Preceituando o art. 70º CPP que «Os assistentes são sempre representados por Advogado» constitui objecto do presente recurso a questão de saber:
· Se o queixoso sendo Advogado e querendo constituir-se Assistente em processo penal, terá para tanto de constituir mandatário um outro Colega Advogado (posição do despacho recorrido), ou ----------------------
· Se disso não carece, podendo constituir-se a si próprio assistente / advogado em causa própria ao abrigo dos Artºs 53º e 164º do Estatuto da Ordem dos Advogados / Lei 84/84 (posição do recorrente).

A questão não é nova. Sobre a matéria não tem havido unanimidade na jurisprudência, encontrando-se decisões nos dois sentidos.


2.2 – As normas estatutárias e os seus limites

Do disposto conjugadamente nos Artºs 53º e l64º nº 1 do Estatuto da Ordem dos Advogados (DL 84/84 de 16/3) resulta que os Advogados podem efectivamente advogar em causa própria em qualquer jurisdição. Porém, uma tal faculdade estatutária não constitui um direito absoluto que se projecte ilimitadamente sobre todo o ordenamento jurídico. Vai até onde pode ir e cede um tiver de ceder. Como direito subjectivo que é está sujeito à regra da colisão de direitos (art. 335º CCivil) e à restrição constitucional de direitos (art. 18º nºs 2 e 3 da CRP). O que de resto acontece com todos os Estatutos. Um exemplo: Aquando da nova Lei Orgânica do Ministério Público (Lei nº 60/98 de 28/8) foi introduzido um segmento de norma segundo a qual «O Ministério Público é representado… no Supremo Tribunal Militar… pelo Procurador-Geral da República» (art. 4º 1). Só que, paralelamente, nunca se procedeu à revisão da Lei de Organização Judiciária Militar segundo a qual no Supremo Tribunal Militar as funções do MP são exercidas pelo Promotor de Justiça, oficial superior dos quadros permanentes de qualquer ramo das forças armadas, licenciado em direito (Artºs 282º a 288º CJM). Conclusão: A norma estatutária do MP nunca funcionou, mantendo-se ainda hoje como norma programática. (E nem chegará a funcionar porque entretanto os Tribunais Militares estão extintos e o novo CJM já aprovado (Lei 100/2003 de 15/11).

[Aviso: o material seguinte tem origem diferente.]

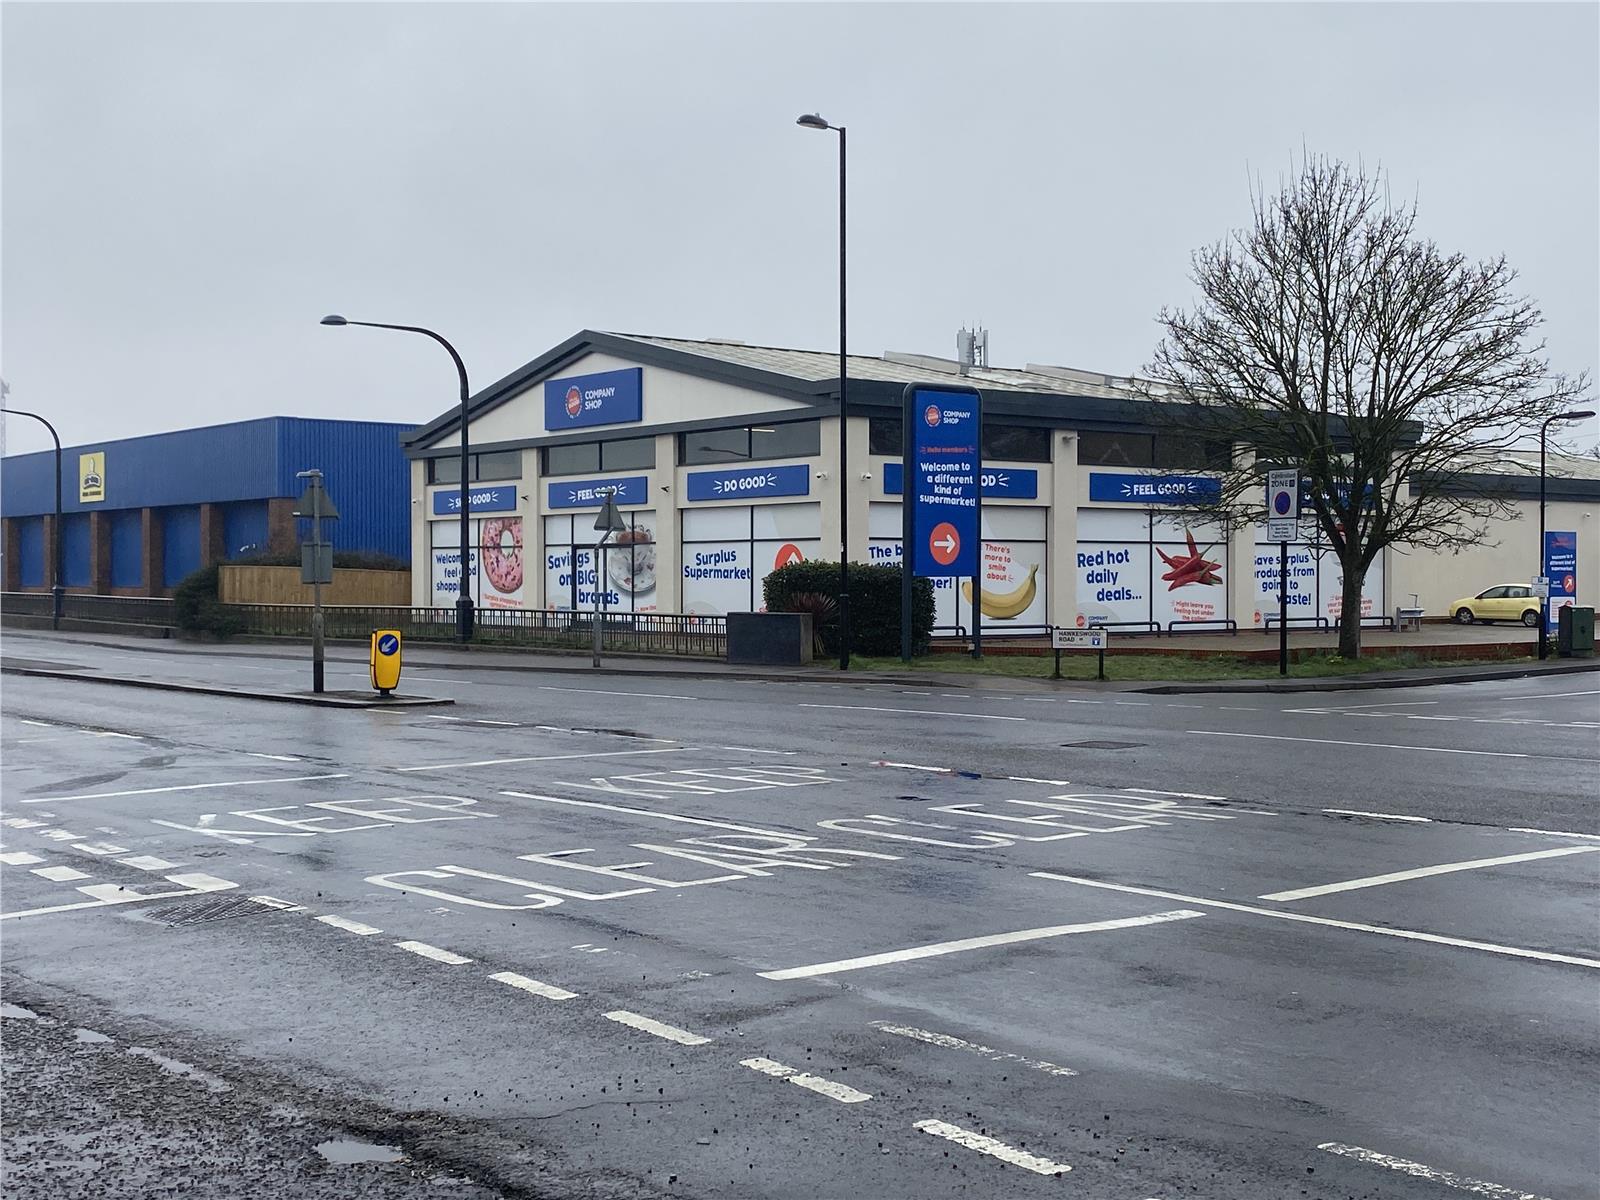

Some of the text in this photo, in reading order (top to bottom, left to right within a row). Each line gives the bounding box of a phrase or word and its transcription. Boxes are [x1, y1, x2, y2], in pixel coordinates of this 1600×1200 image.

[585, 387, 615, 400] COMPANY
[585, 400, 602, 410] SHOP
[943, 410, 971, 418] COMPANY
[920, 462, 971, 472] Welcome to
[724, 475, 766, 492] DO GOOD
[926, 473, 974, 484] a different
[980, 474, 997, 487] OD
[1271, 480, 1289, 488] ZONE
[577, 489, 594, 501] FEEL
[934, 485, 962, 495] kind of
[1133, 483, 1187, 496] FEEL GOOD
[472, 492, 491, 505] GOOD
[919, 494, 976, 507] supermarket!
[868, 546, 892, 559] The
[985, 543, 1010, 554] There's
[435, 553, 476, 564] Welcom o
[548, 551, 590, 569] Savigs
[695, 549, 737, 567] Surplus
[984, 554, 1003, 562] more
[1077, 549, 1130, 568] Red hot
[1275, 553, 1310, 566] srplus
[444, 568, 459, 578] feel
[684, 565, 752, 581] Supermarket
[988, 564, 1006, 572] smile
[1254, 566, 1315, 579] roducs from
[559, 569, 597, 586] on BIG
[986, 572, 1007, 581] about
[1086, 568, 1119, 586] daily
[436, 581, 461, 593] shoppi
[1261, 579, 1299, 593] goin to
[1096, 586, 1142, 602] deals...
[553, 765, 847, 799] KEEP
[149, 795, 500, 846] KEEP
[816, 793, 1279, 850] CLEAR
[363, 833, 905, 911] CLEAR

2.3- O Estatuto do Arguido e do Assistente

O Estatuto dos Advogados consta como vimos de uma lei avulsa o DL nº 84/84 de 16/3. Por sua vez os Estatutos do Arguido e do Assistente em processo penal constam do normativo do próprio Código de Processo Penal. E quanto à representação judiciária do assistente, com sublinhado nosso, preceitua assim o art. 70º nº 1 deste diploma:
«Os assistentes são sempre representados por Advogado».

Representados…
Este conceito «representado» remete para o instituto da representação regulado nos Artºs 258º a 269º do Código Civil, donde se conclui que para o instituto funcionar torna-se necessário a existência de pelo menos duas pessoas: uma o representado (dominus negotii) e outra o representante (alieno nomine).
Dentre as espécies de representação jurídica (própria, imprópria, legal, voluntária, passiva, activa) não existe a figura da auto-representação isto é, a possibilidade de uma pessoa representar-se a si própria em determinado acto, pelo que tal constitui um impossível jurídico. E isto certamente porque, quando uma pessoa se representa a si própria em determinado acto, está no fundo a agir directamente. (cf. Manuel Andrade, Teoria geral, II/287).
Mas a lei não autoriza que o assistente intervenha directamente, visto que:
«Os assistentes são sempre representados por Advogado».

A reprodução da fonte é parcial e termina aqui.